Available data START

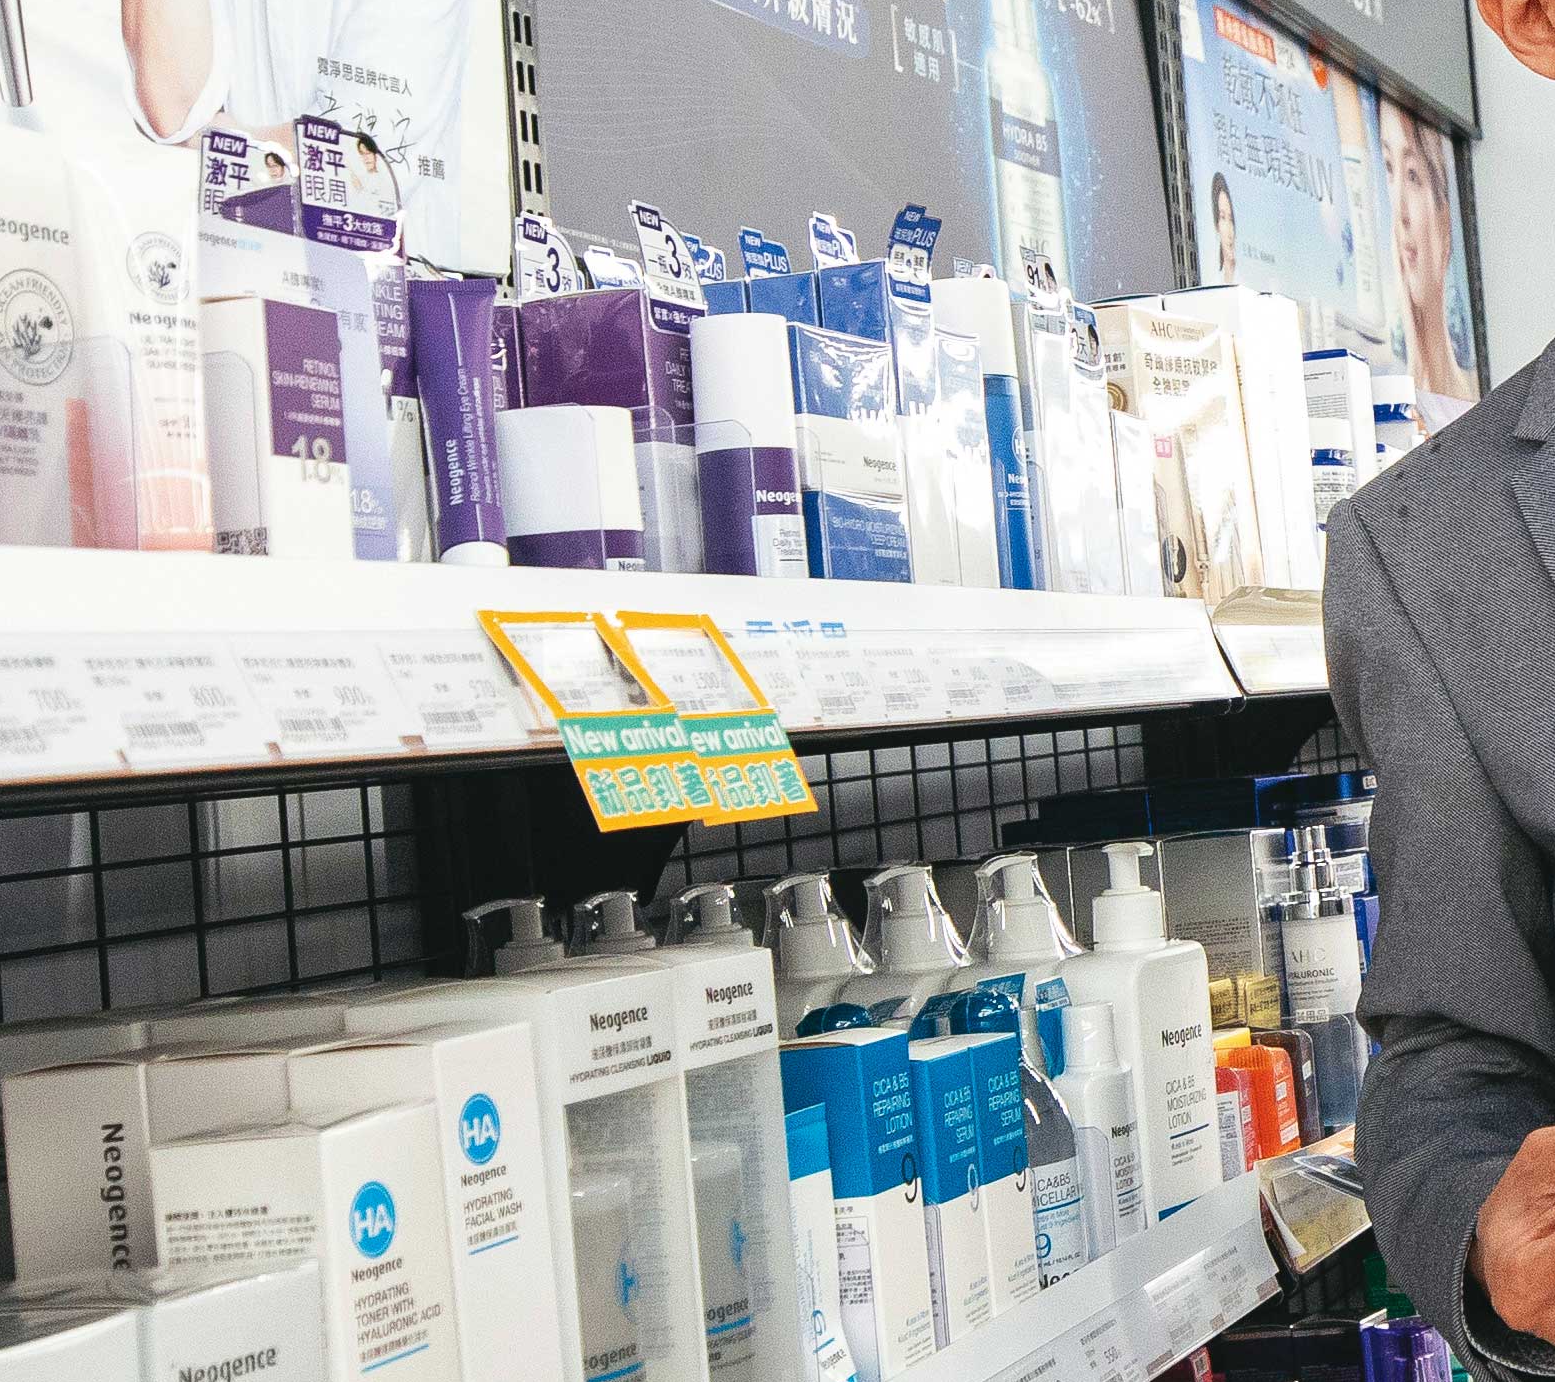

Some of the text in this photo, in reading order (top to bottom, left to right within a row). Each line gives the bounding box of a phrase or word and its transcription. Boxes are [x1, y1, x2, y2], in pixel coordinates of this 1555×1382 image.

[317, 57, 413, 98] 霓淨思品牌代言人
[212, 136, 243, 154] NEW
[306, 123, 338, 141] NEW
[206, 157, 250, 190] 激平
[303, 143, 346, 176] 激平
[417, 155, 446, 180] 推薦
[305, 174, 348, 208] 眼周
[525, 224, 546, 240] NEW
[1151, 321, 1175, 339] AHC
[448, 438, 465, 507] Neogence
[862, 456, 898, 474] Neogence
[564, 719, 687, 755] New arrival
[691, 718, 788, 753] ew arrival
[705, 981, 754, 1005] Neogence
[589, 1005, 649, 1032] Neogence
[1160, 1021, 1203, 1049] Neogence
[461, 1113, 496, 1150] HA
[1167, 1111, 1193, 1130] LOTION
[460, 1164, 507, 1189] Neogence
[100, 1121, 132, 1274] Neogence
[463, 1187, 513, 1215] HYDRATING
[496, 1201, 524, 1222] WASH
[353, 1203, 394, 1243] HA
[350, 1256, 403, 1284] Neogence
[353, 1281, 409, 1313] HYDRATING
[354, 1296, 415, 1329] TONER WITH
[356, 1303, 442, 1345] HYALURONIC ACID

Available data END

Output nothing except an exact copy of the records above, with the images left out.

Some of the text in this photo, in reading order (top to bottom, left to right within a row). Each line gives the bounding box of a phrase or word and its transcription. Boxes are [x1, y1, x2, y2], in pixel coordinates of this 1555×1382 image.

[317, 57, 413, 98] 霓淨思品牌代言人
[212, 136, 243, 154] NEW
[306, 123, 338, 141] NEW
[206, 157, 250, 190] 激平
[303, 143, 346, 176] 激平
[417, 155, 446, 180] 推薦
[305, 174, 348, 208] 眼周
[525, 224, 546, 240] NEW
[1151, 321, 1175, 339] AHC
[448, 438, 465, 507] Neogence
[862, 456, 898, 474] Neogence
[564, 719, 687, 755] New arrival
[691, 718, 788, 753] ew arrival
[705, 981, 754, 1005] Neogence
[589, 1005, 649, 1032] Neogence
[1160, 1021, 1203, 1049] Neogence
[461, 1113, 496, 1150] HA
[1167, 1111, 1193, 1130] LOTION
[460, 1164, 507, 1189] Neogence
[100, 1121, 132, 1274] Neogence
[463, 1187, 513, 1215] HYDRATING
[496, 1201, 524, 1222] WASH
[353, 1203, 394, 1243] HA
[350, 1256, 403, 1284] Neogence
[353, 1281, 409, 1313] HYDRATING
[354, 1296, 415, 1329] TONER WITH
[356, 1303, 442, 1345] HYALURONIC ACID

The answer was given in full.